(Material to process Opens)

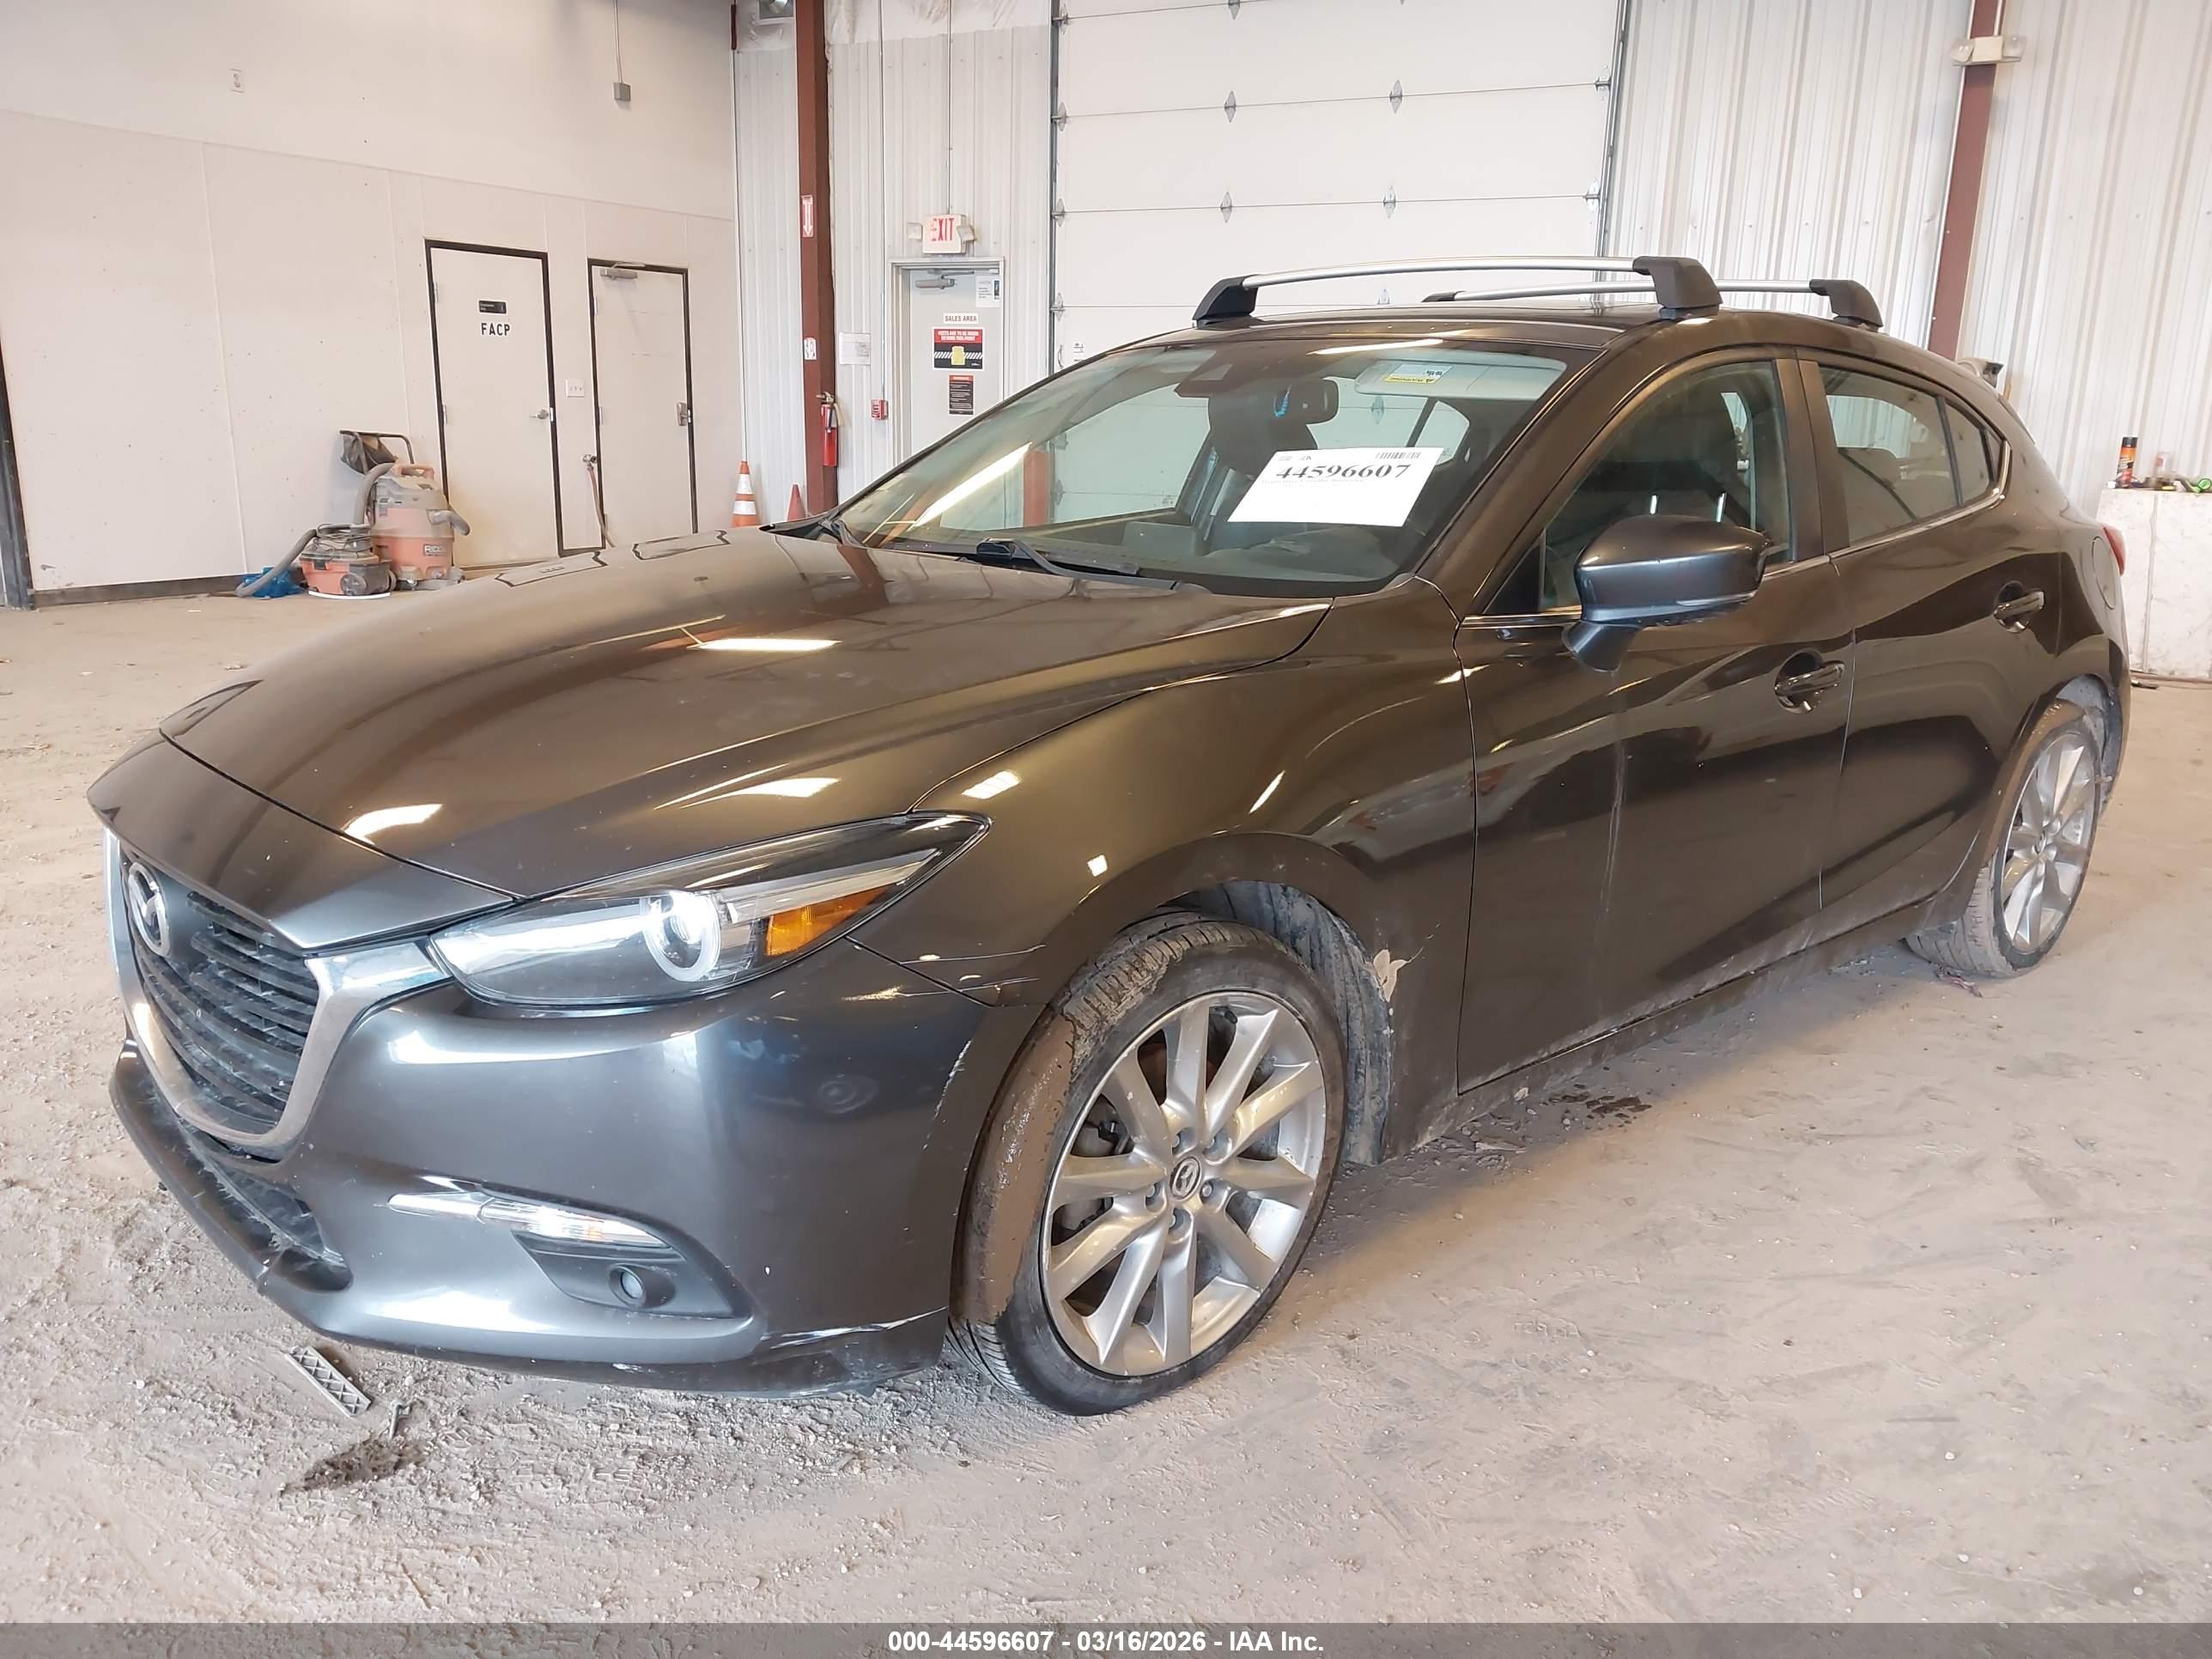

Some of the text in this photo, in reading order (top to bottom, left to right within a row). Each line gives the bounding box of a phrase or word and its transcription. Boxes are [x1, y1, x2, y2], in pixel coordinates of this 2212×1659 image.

[930, 217, 955, 241] EXIT
[481, 322, 510, 336] FACP
[1276, 464, 1412, 478] 44596607
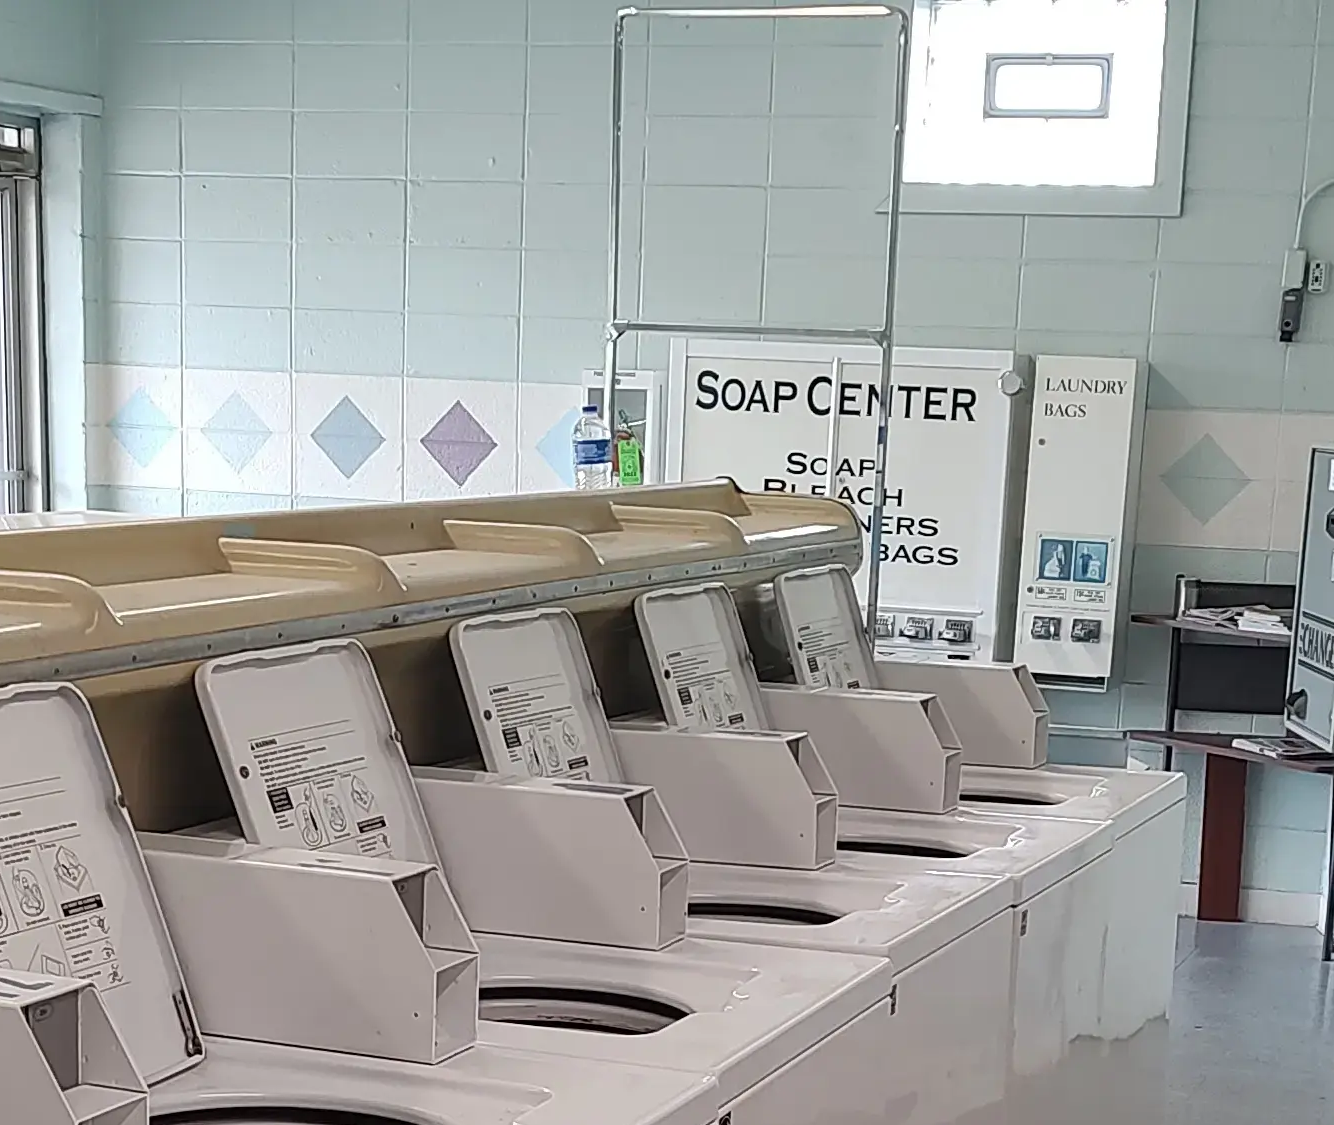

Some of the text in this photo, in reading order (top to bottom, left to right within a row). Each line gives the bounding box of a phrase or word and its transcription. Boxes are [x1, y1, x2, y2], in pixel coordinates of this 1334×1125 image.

[695, 369, 977, 422] SOAP CENTER
[1045, 376, 1128, 396] LAUNDRY
[1044, 402, 1087, 419] BAGS
[786, 452, 876, 478] SOAP
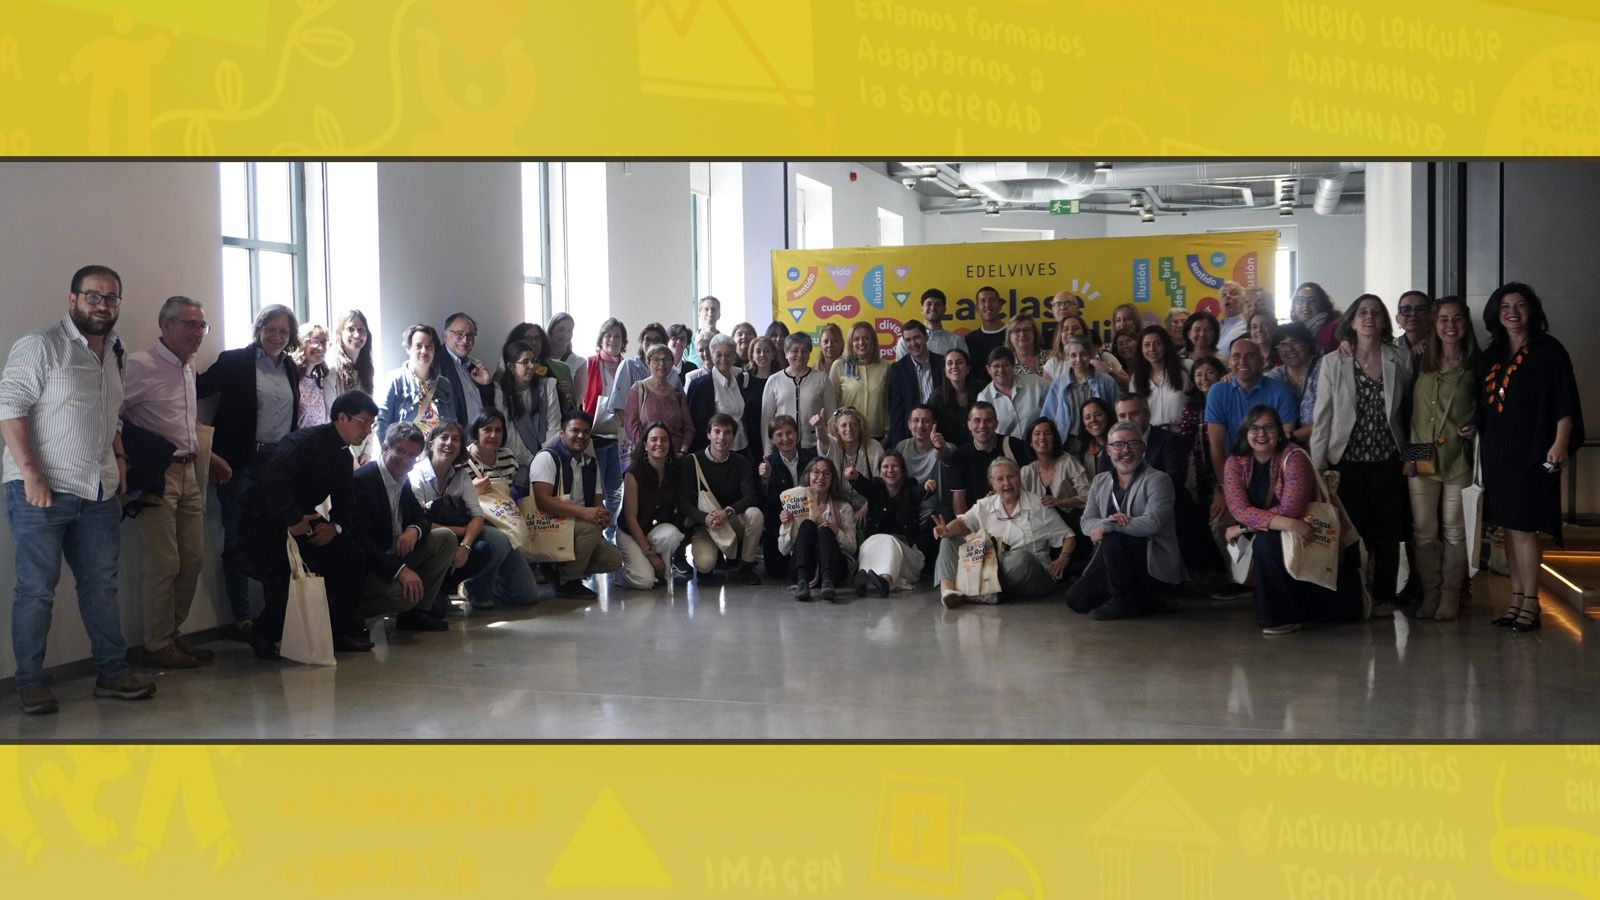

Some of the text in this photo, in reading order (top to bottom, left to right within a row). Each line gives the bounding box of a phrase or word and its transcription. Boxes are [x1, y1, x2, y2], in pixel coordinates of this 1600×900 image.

[831, 266, 852, 276] vida
[966, 262, 1057, 278] EDELVIVES
[1161, 260, 1171, 279] brir
[1190, 261, 1218, 287] sentido
[793, 273, 816, 298] sentido
[873, 270, 882, 304] ilusión
[1137, 263, 1146, 298] ilusión
[1170, 278, 1178, 290] cu
[1175, 289, 1184, 306] des
[821, 302, 853, 312] cuidar
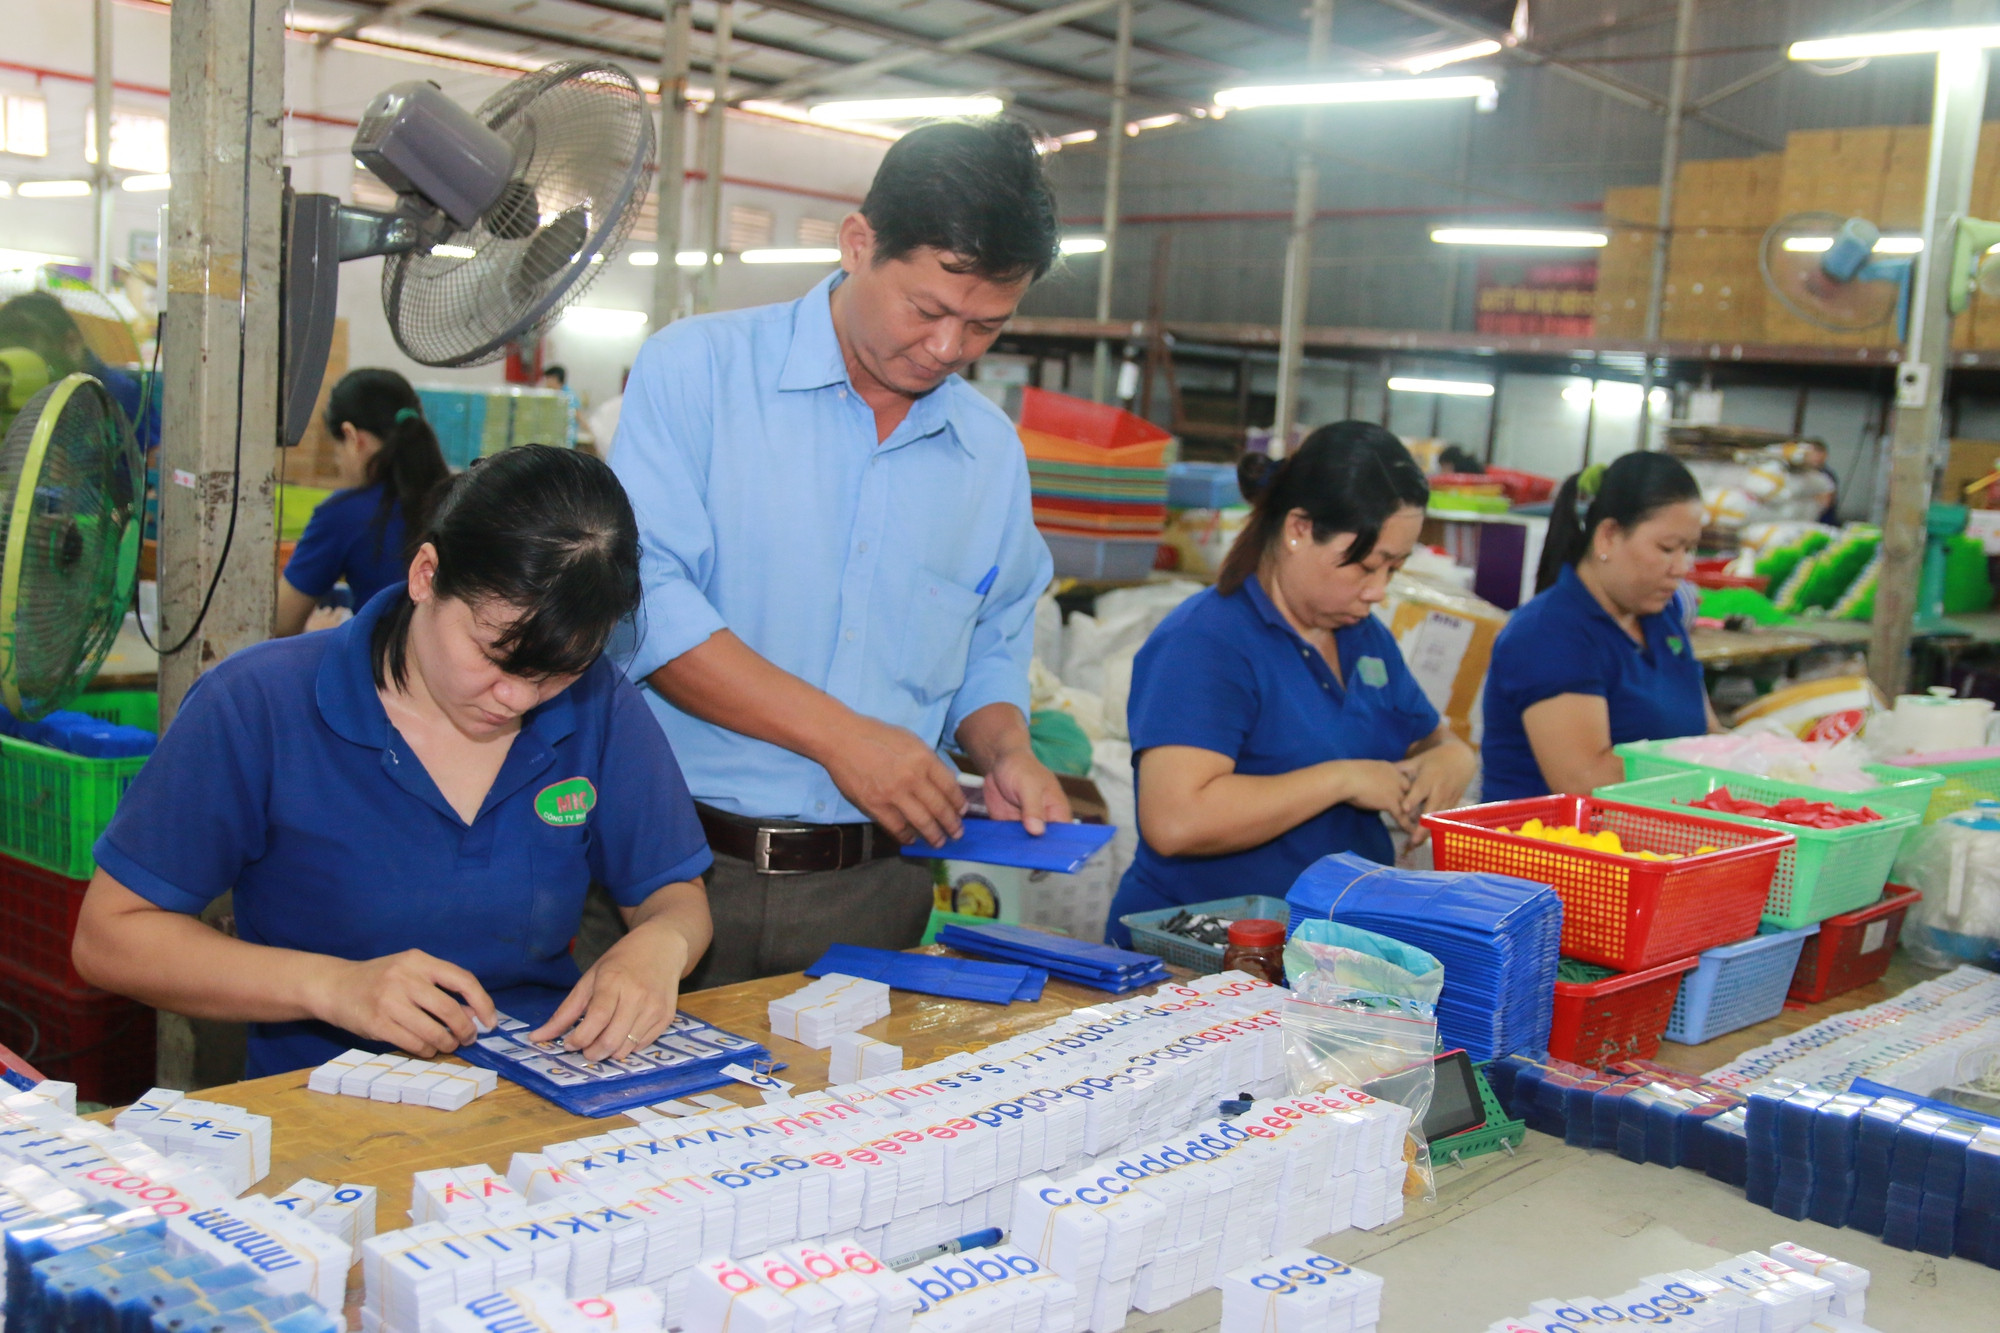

(Material to process Closes)

* What you need to do
Every entry above has to be repeated exactly, apart from its pictures.

* Problem solution
Some of the text in this photo, in reading order (top to bottom, left to right within a row). Each line gives the bounding box of a phrase or word and its transcription. Boxes are [x1, y1, x2, y2], in pixel coordinates of this 2212×1659 image.

[930, 217, 955, 241] EXIT
[481, 322, 510, 336] FACP
[1276, 464, 1412, 478] 44596607

Some of the text in this photo, in reading order (top to bottom, left to right within a row). Each line gives the bounding box of a phrase or word and its transcription. Boxes are [x1, y1, x2, y2], in pixel coordinates of this 1334×1125 image.

[695, 369, 977, 422] SOAP CENTER
[1045, 376, 1128, 396] LAUNDRY
[1044, 402, 1087, 419] BAGS
[786, 452, 876, 478] SOAP

Some of the text in this photo, in reading order (top to bottom, left to right within a row). Each line gives the bounding box of a phrase or word and its transcription. Boxes are [x1, y1, x2, y2], in pixel coordinates of this 1600×900 image.

[831, 266, 852, 276] vida
[966, 262, 1057, 278] EDELVIVES
[1161, 260, 1171, 279] brir
[1190, 261, 1218, 287] sentido
[793, 273, 816, 298] sentido
[873, 270, 882, 304] ilusión
[1137, 263, 1146, 298] ilusión
[1170, 278, 1178, 290] cu
[1175, 289, 1184, 306] des
[821, 302, 853, 312] cuidar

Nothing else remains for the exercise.